■ Instructions for the task
Please output the entries that follow exactly, without a single image.

(Annotated photo localization data)
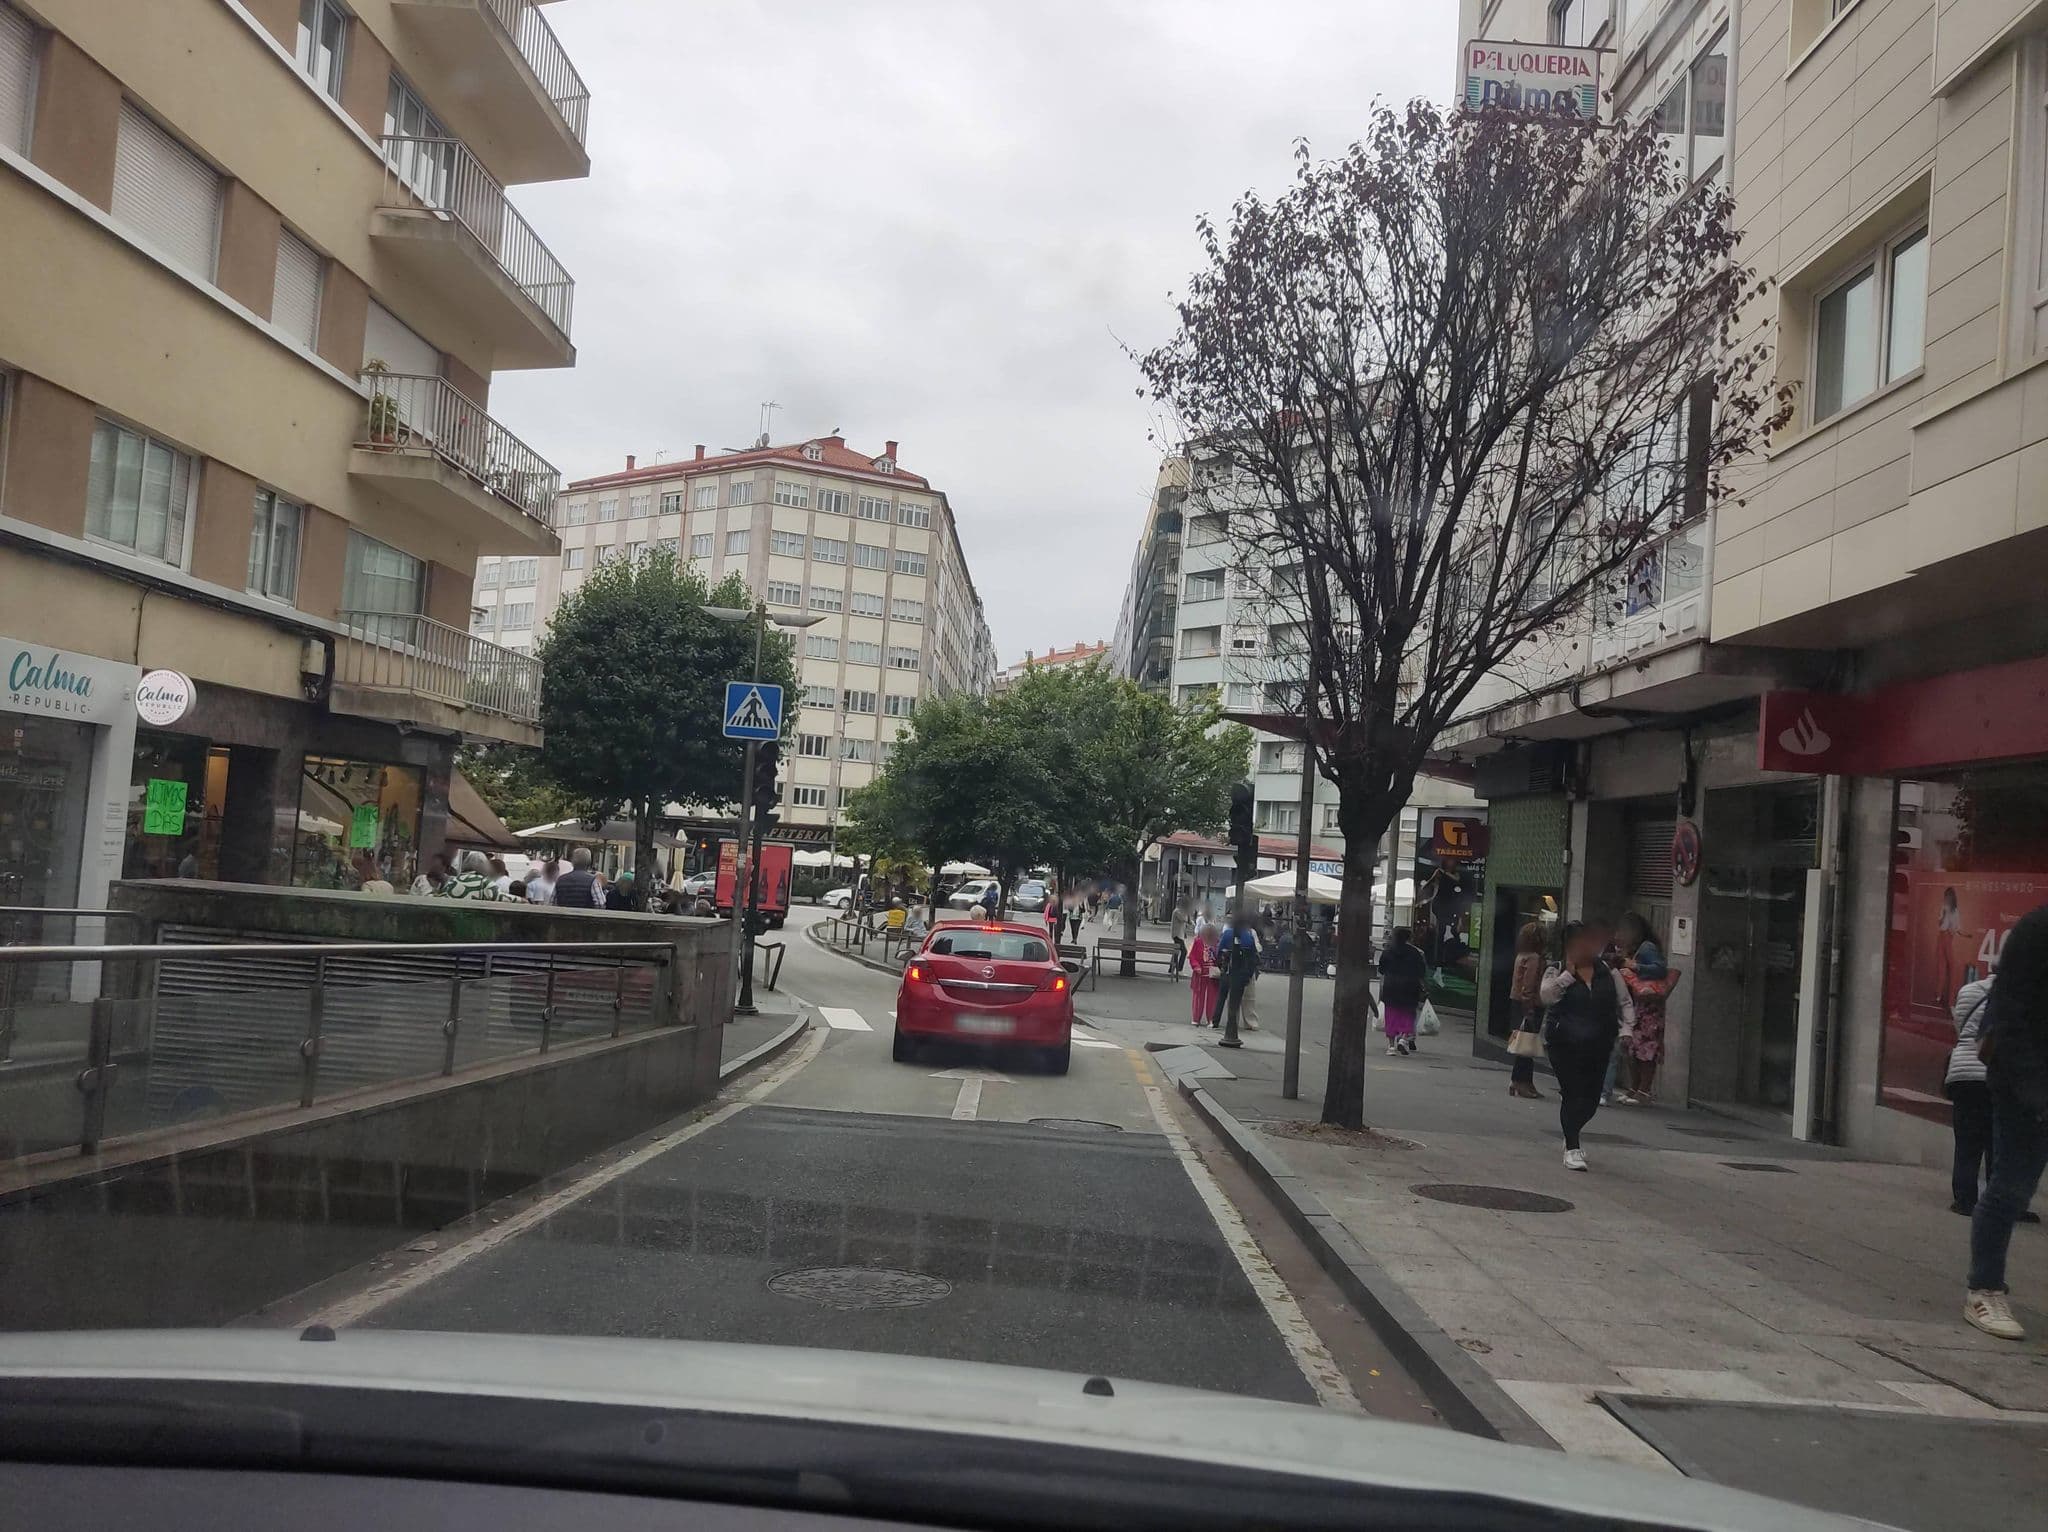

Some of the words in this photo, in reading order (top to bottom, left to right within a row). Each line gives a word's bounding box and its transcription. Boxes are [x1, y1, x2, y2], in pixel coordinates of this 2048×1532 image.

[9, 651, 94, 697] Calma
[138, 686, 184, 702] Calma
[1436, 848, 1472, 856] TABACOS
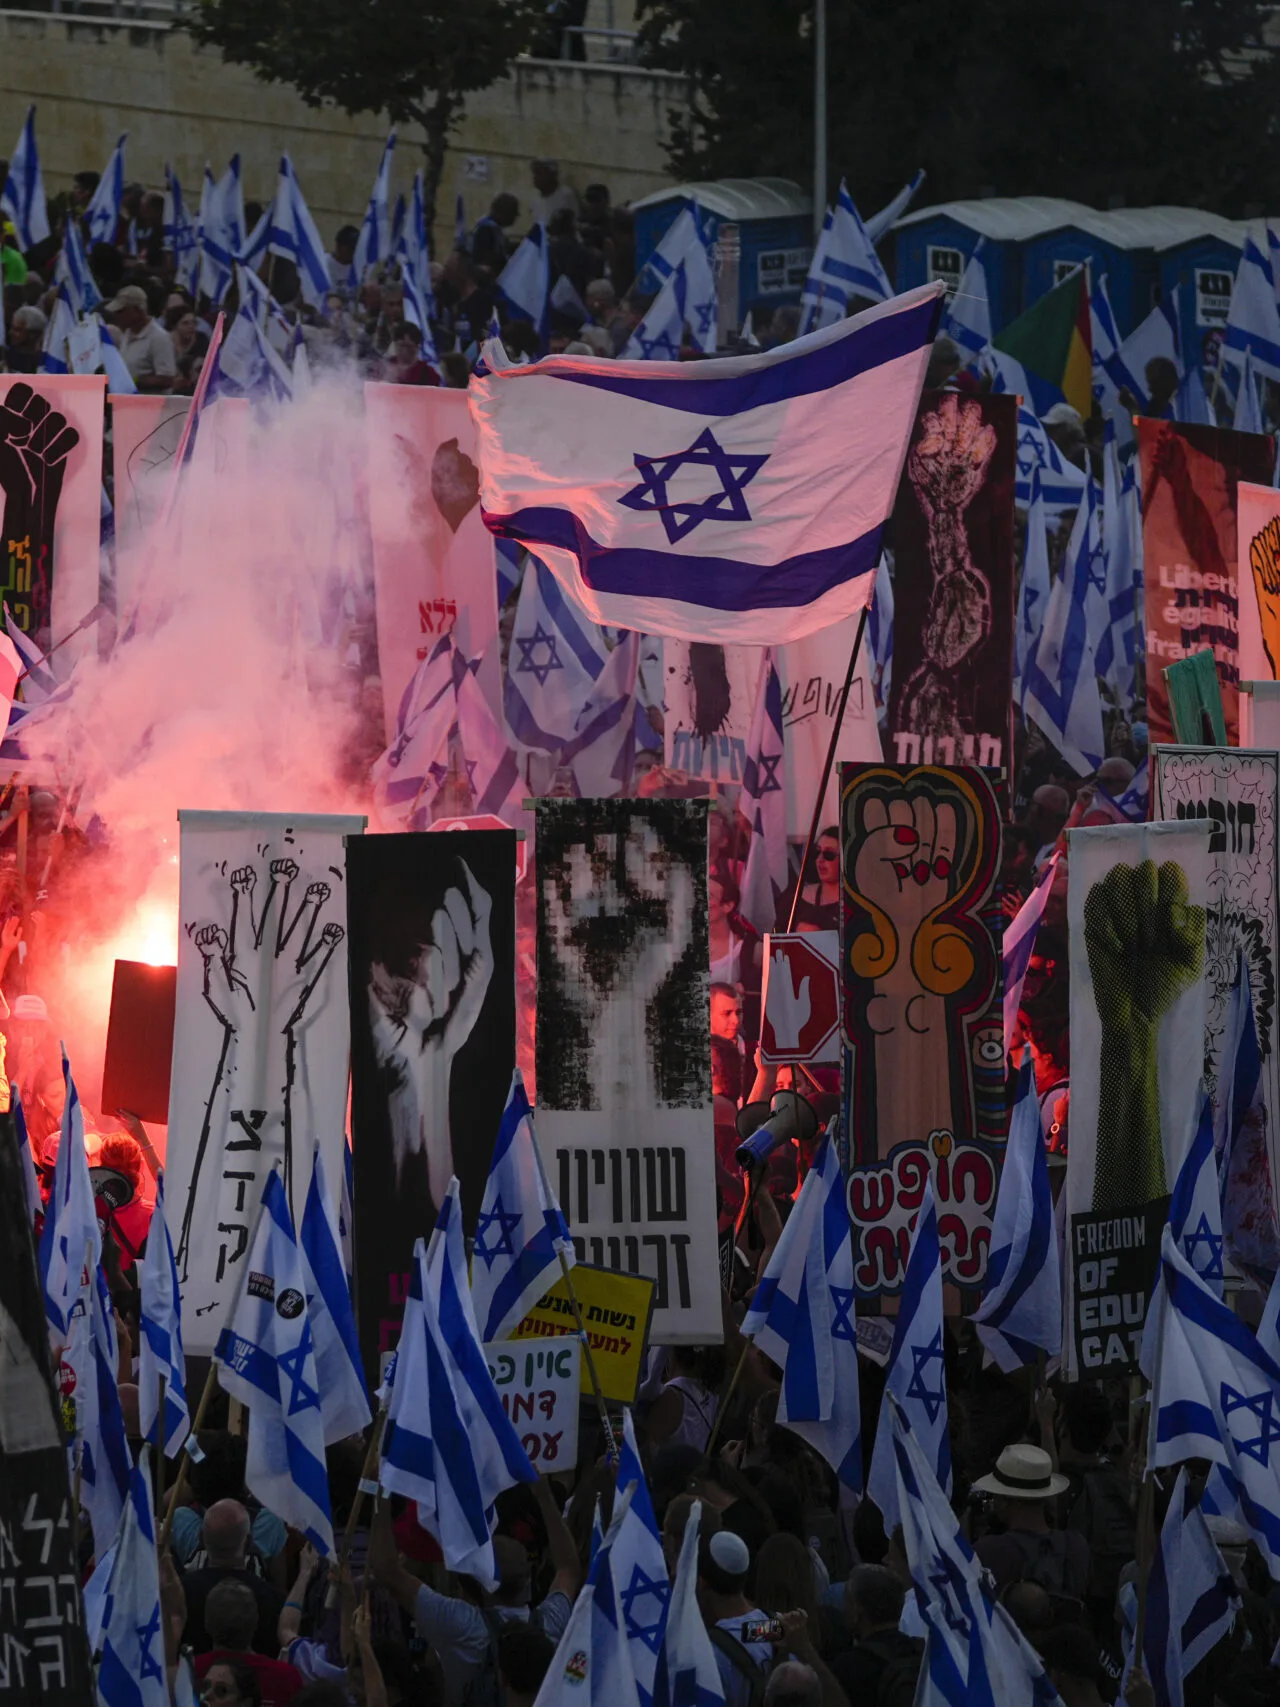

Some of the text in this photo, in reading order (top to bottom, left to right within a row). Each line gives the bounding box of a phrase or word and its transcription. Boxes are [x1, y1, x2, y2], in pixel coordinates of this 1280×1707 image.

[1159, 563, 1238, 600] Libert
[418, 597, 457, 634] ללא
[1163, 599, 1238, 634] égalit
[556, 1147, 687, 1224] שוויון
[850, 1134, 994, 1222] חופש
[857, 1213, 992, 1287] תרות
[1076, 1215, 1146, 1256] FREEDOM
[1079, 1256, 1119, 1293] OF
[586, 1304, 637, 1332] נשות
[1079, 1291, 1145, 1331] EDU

■ Exercise response
Some of the words in this photo, in reading order (top to bottom, left to right within a row). Each line gives a word's bounding box and its transcription. Boxes are [x1, y1, x2, y2], in pixel coordinates of this 2048×1532 image.

[9, 651, 94, 697] Calma
[138, 686, 184, 702] Calma
[1436, 848, 1472, 856] TABACOS

Some of the text in this photo, in reading order (top to bottom, left to right within a row). Each line gives the bounding box of a phrase or word and its transcription. Boxes are [x1, y1, x2, y2], in pixel coordinates of this 1280×1707 image.

[1159, 563, 1238, 600] Libert
[418, 597, 457, 634] ללא
[1163, 599, 1238, 634] égalit
[556, 1147, 687, 1224] שוויון
[850, 1134, 994, 1222] חופש
[857, 1213, 992, 1287] תרות
[1076, 1215, 1146, 1256] FREEDOM
[1079, 1256, 1119, 1293] OF
[586, 1304, 637, 1332] נשות
[1079, 1291, 1145, 1331] EDU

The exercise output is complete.